Another insurer, Priority Health, said it currently bars the coverage of Nuedexta for dementia patients on non-Medicare, commercial plans, based on the lack of clinical testing for this population. In response to the CMS memo, the insurer plans to add a prior authorization to its Medicare plans as well, though it said that because CMS is strict about what requirements can be included in these, it is unlikely that the same dementia restriction it has for commercial plans will be allowed. And BlueCross BlueShield of Arizona, the insurer that wrote the letter to the FDA, said it has had a prior authorization for Nuedexta in place since 2011 and requires documentation confirming a PBA diagnosis in order for Nuedexta claims to be approved. It said there are very limited numbers of these prescriptions being filled by its members and that it is "providing adequate oversight."
Avanir said in an email that prior authorization requests are common, and that Avanir wants to make sure that patients suffering from PBA have access to Nuedexta -- working with insurers to help facilitate this access.
These prior authorizations can hurt pharmaceutical sales by making it harder for prescriptions to be approved.
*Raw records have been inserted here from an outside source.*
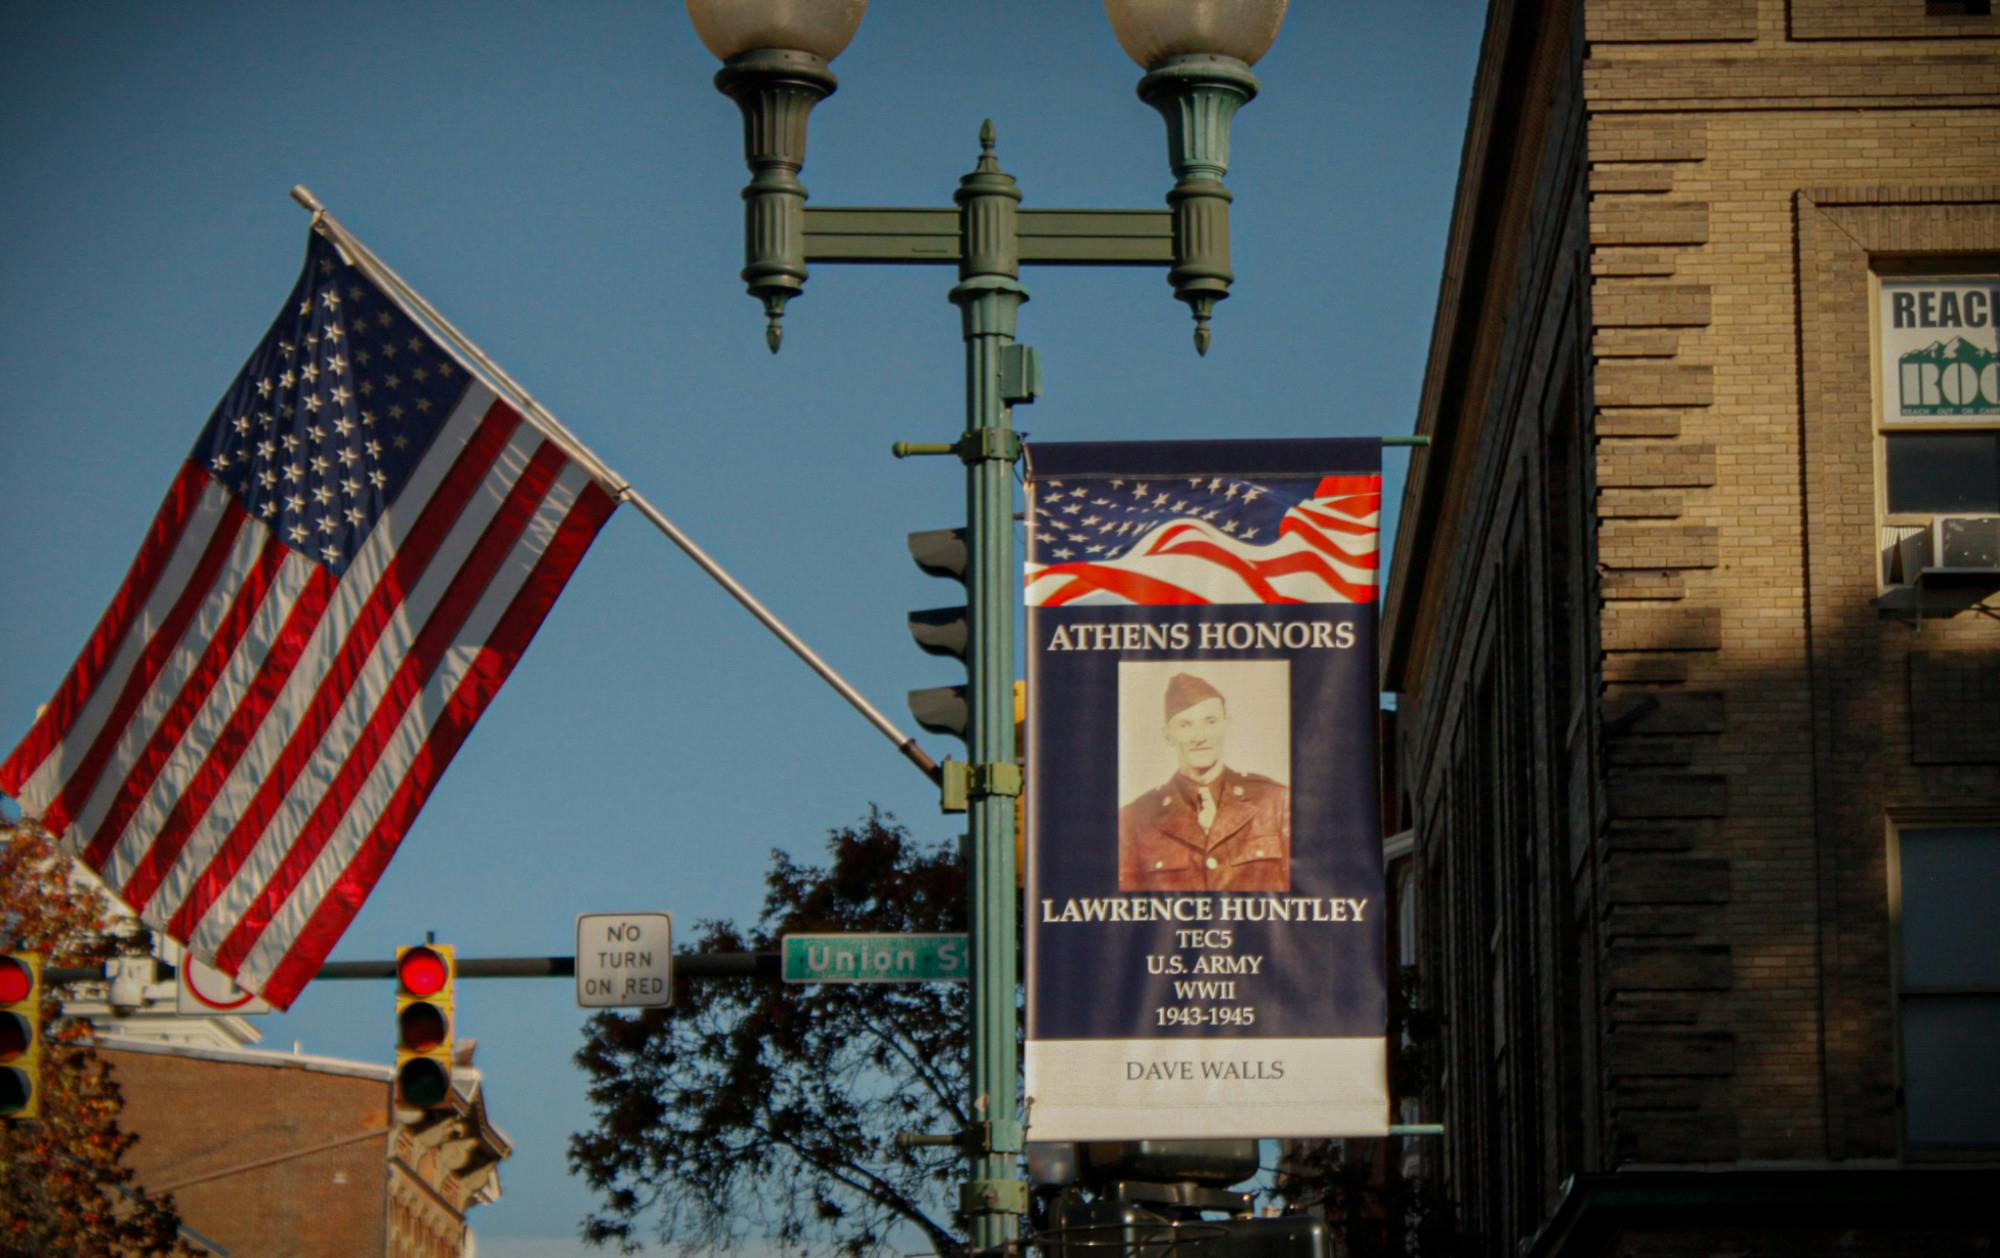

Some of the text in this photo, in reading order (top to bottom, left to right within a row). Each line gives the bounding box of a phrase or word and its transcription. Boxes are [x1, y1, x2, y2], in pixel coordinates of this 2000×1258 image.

[1048, 621, 1356, 650] ATHENS HONORS
[1042, 897, 1367, 922] LAWRENCE HUNTLEY
[607, 925, 640, 942] NO
[1176, 929, 1232, 949] TEC5
[597, 952, 652, 969] TURN
[807, 946, 915, 971] Union
[1146, 955, 1263, 975] U.S. ARMY
[585, 978, 663, 996] ON RED
[1174, 981, 1235, 1000] WWII
[1156, 1007, 1255, 1026] 1943-1945
[1126, 1060, 1284, 1080] DAVE WALLS
Internal emails among Avanir employees, which were reviewed by CNN and detailed in previous reporting, showed that the sales force coached doctors and facility employees on how to fight for Medicare coverage of the drug if it was initially refused, with representatives celebrating when prior authorizations were lifted by specific insurance companies.
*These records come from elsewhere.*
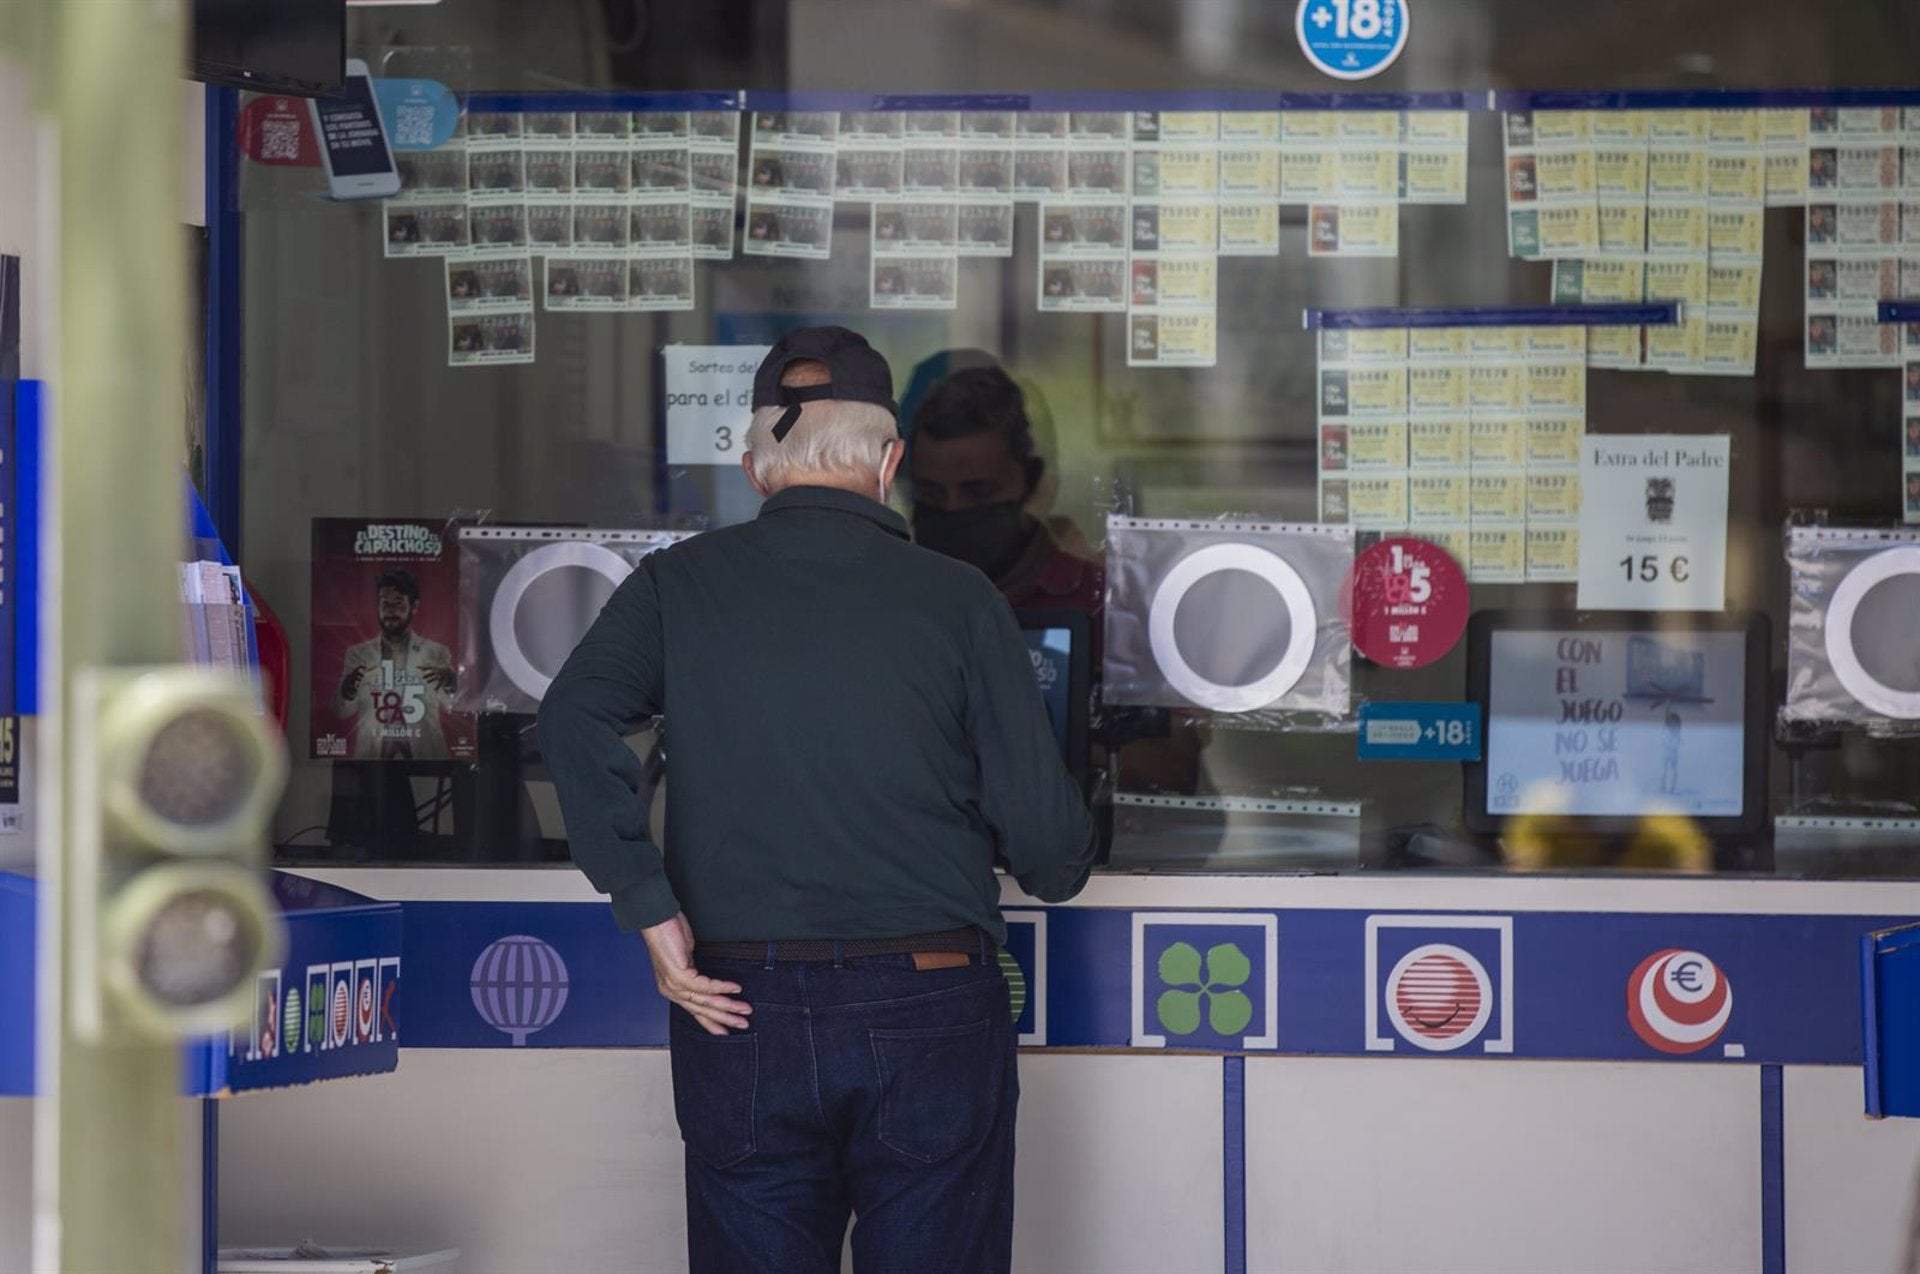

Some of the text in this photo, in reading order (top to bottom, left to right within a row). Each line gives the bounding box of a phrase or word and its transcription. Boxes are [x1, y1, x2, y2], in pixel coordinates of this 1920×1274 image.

[1311, 0, 1380, 39] +18
[689, 361, 734, 374] Sorteo
[667, 393, 708, 411] para
[714, 388, 730, 406] el
[715, 425, 732, 451] 3
[1594, 450, 1724, 467] Extra del Padre
[367, 524, 429, 540] DESTINO
[354, 539, 442, 556] CAPRICHOSO
[1390, 545, 1404, 575] 1
[1620, 556, 1690, 583] 15 €
[1411, 566, 1432, 604] 5
[1556, 636, 1603, 664] CON
[381, 660, 395, 690] 1
[1556, 667, 1579, 694] EL
[403, 684, 426, 725] 5
[1556, 700, 1624, 725] JUEGO
[1424, 719, 1465, 746] +18
[1555, 727, 1619, 755] NO SE
[1555, 757, 1621, 786] JUEGA
"I am really excite(d) to pass on this great news," said one employee in 2013 about a large insurer removing the prior authorization for Nuedexta. The employee said the action meant more than 4 million additional seniors could more easily be prescribed Nuedexta. "The entire field sales team should be proud of the efforts that went into demonstrating the appropriate demand for NUEDEXTA!!...This is a very important win for our company."
Correction: An earlier version of this story stated that an Avanir sales representative was "placing snacks like Slim Jims" on nursing stations to draw attention to lists of PBA symptoms. In the pharmaceutical industry, a "slim jim" can also refer to a marketing pamphlet. This article has been updated to reflect that "slim jim" was a reference to pamphlets.